#### [The problem]
Would you restate the entries below word for word, leaving out the images?

Images for object localization
☆ ☆ ☆ ☆

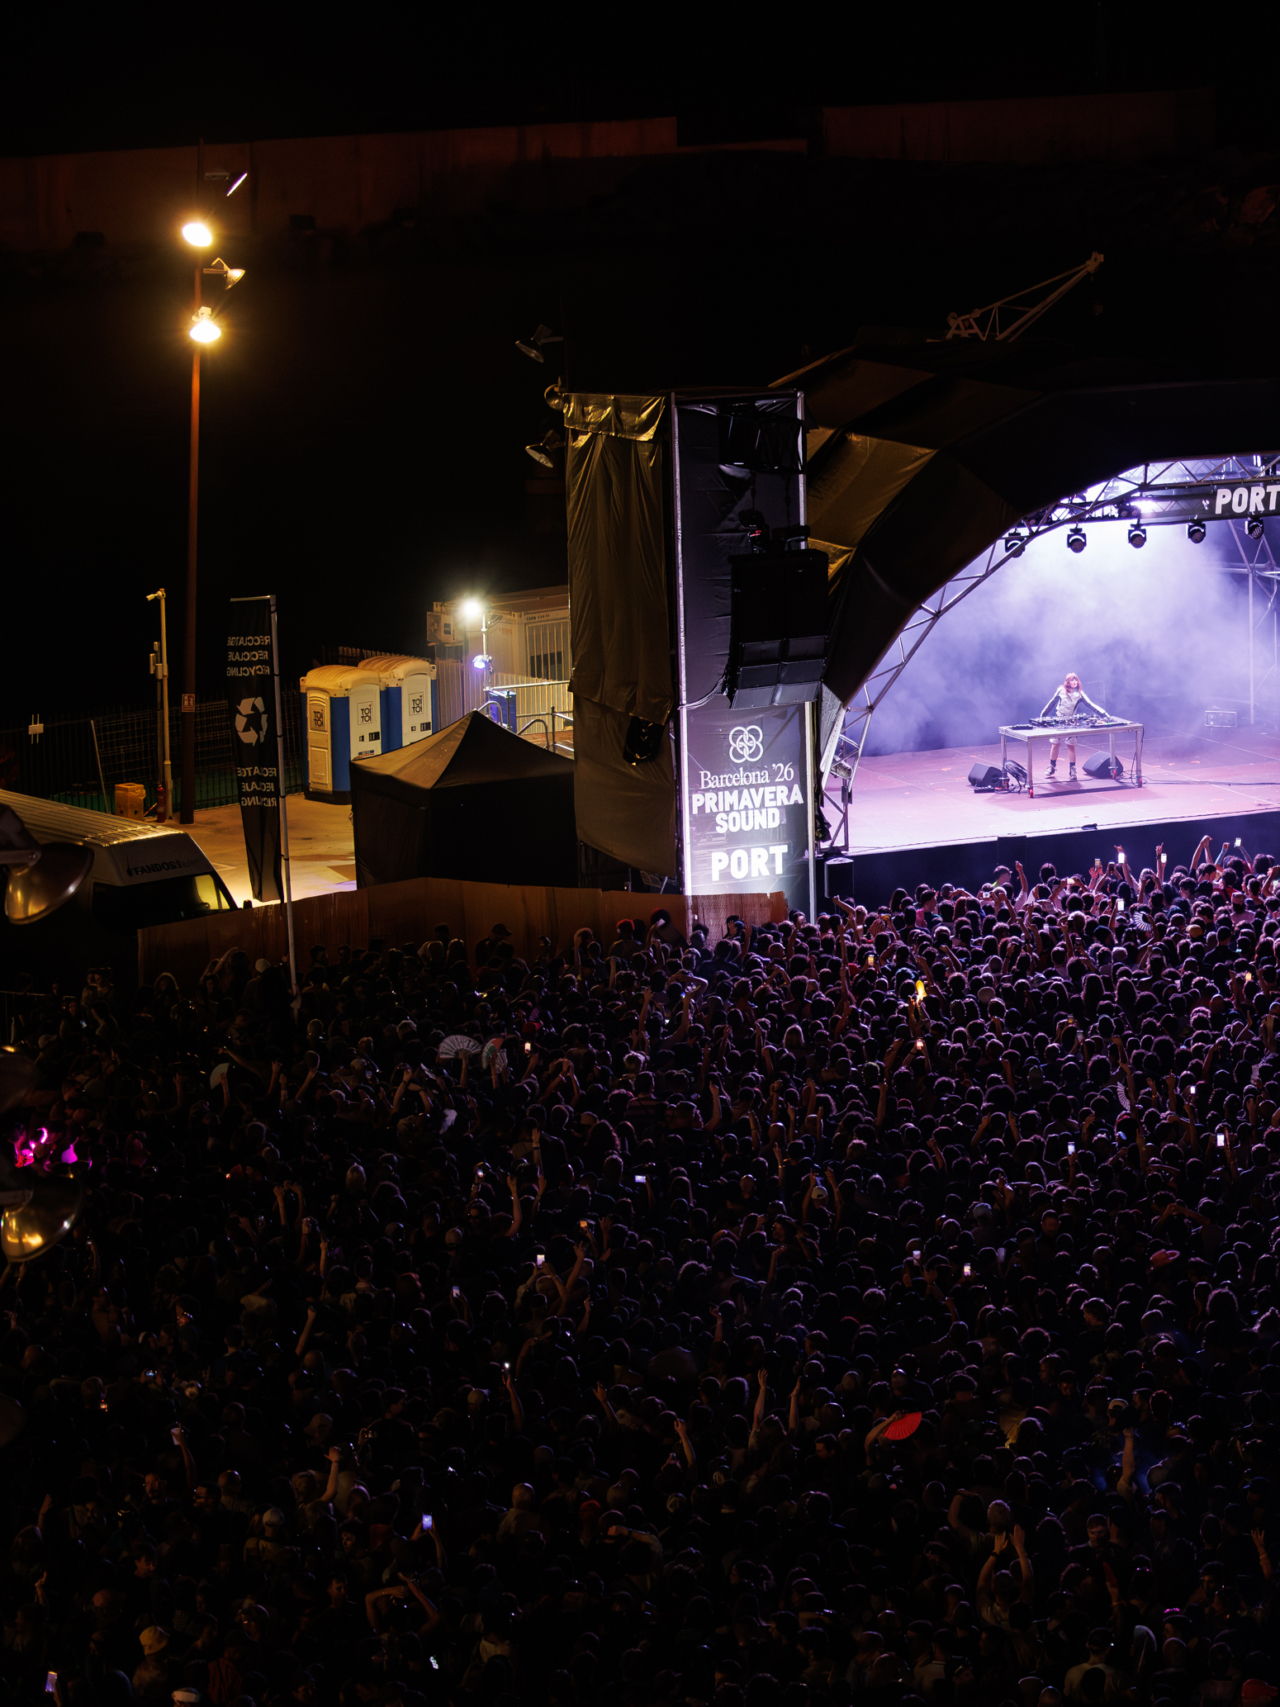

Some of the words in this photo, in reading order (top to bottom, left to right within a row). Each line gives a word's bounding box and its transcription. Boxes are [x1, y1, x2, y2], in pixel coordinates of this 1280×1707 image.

[699, 765, 770, 790] Barcelona
[691, 783, 804, 814] PRIMAVERA
[715, 807, 780, 834] SOUND
[711, 844, 788, 882] PORT

☆ ☆ ☆ ☆

#### [Solution to the exercise]
Some of the words in this photo, in reading order (top to bottom, left to right within a row). Each line gives a word's bounding box and its transcription. Boxes are [x1, y1, x2, y2], in pixel coordinates of this 1280×1707 image.

[699, 765, 770, 790] Barcelona
[691, 783, 804, 814] PRIMAVERA
[715, 807, 780, 834] SOUND
[711, 844, 788, 882] PORT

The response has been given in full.